Mieter, denen ordnungsgemäß gekündigt wurde, die aber trotzdem nicht ausziehen, müssen für diese Monate mit einer saftigen Nachzahlung rechnen. Denn der Vermieter darf dann so viel Geld verlangen, wie er von einem neuen Mieter hätte bekommen können. In dem entschiedenen Fall ging es um die Miete für ein Einfamilienhaus mit gut 100 Quadratmetern Wohnfläche in München. Die Vermieter hatten Eigenbedarf angemeldet und zu Ende Oktober 2011 ordnungsgemäß gekündigt. Die Mieter gaben die Wohnung aber erst eineinhalb Jahre später zurück.
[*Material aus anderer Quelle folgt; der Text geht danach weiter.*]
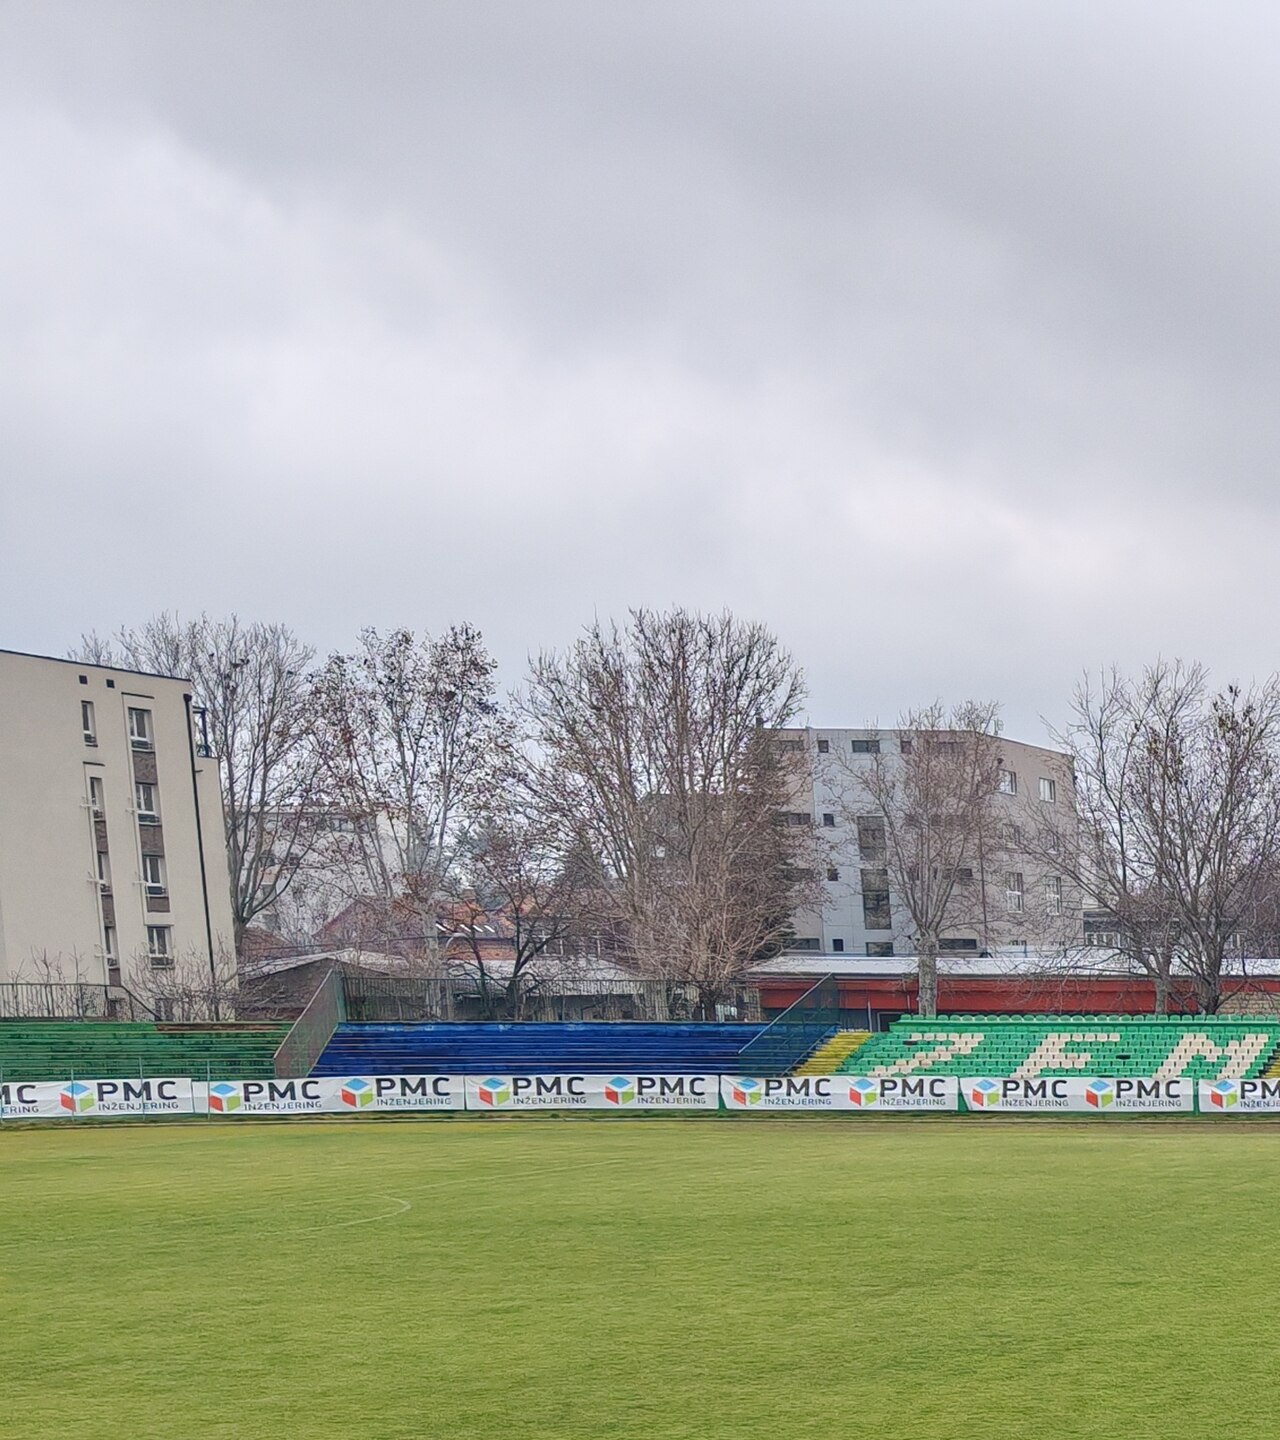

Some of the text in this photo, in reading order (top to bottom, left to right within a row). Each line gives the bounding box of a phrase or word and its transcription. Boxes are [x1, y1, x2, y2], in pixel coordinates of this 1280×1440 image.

[97, 1081, 177, 1101] PMC
[243, 1080, 321, 1101] PMC
[376, 1077, 451, 1097] PMC
[512, 1077, 585, 1096] PMC
[637, 1077, 705, 1096] PMC
[765, 1078, 832, 1097] PMC
[880, 1078, 946, 1097] PMC
[1002, 1080, 1068, 1099] PMC
[1116, 1080, 1181, 1099] PMC
[99, 1101, 178, 1111] INŽENJERING
[244, 1101, 322, 1110] INŽENJERING
[376, 1097, 452, 1106] INŽENJERING
[513, 1096, 587, 1104] INŽENJERING
[637, 1096, 706, 1105] INŽENJERING
[764, 1097, 832, 1106] INŽENJERING
[880, 1097, 946, 1106] INŽENJERING
[1001, 1099, 1069, 1107] INŽENJERING
[1116, 1099, 1181, 1108] INŽENJERING
Miete und Heizkosten zahlten sie in dieser Zeit wie vom Mietvertrag vorgesehen weiter. Nun müssen die ehemaligen Mieter etwa 7.300 Euro nachzahlen. Denn laut BGH haben die Vermieter Anspruch auf die deutlich höhere heute übliche Miete. Dass die Vermieter das Haus gar nicht weitervermieten, sondern in der Familie nutzen wollten, spiele keine Rolle, erklären ARAG Experten (BGH, Az.: VIII ZR 17/16).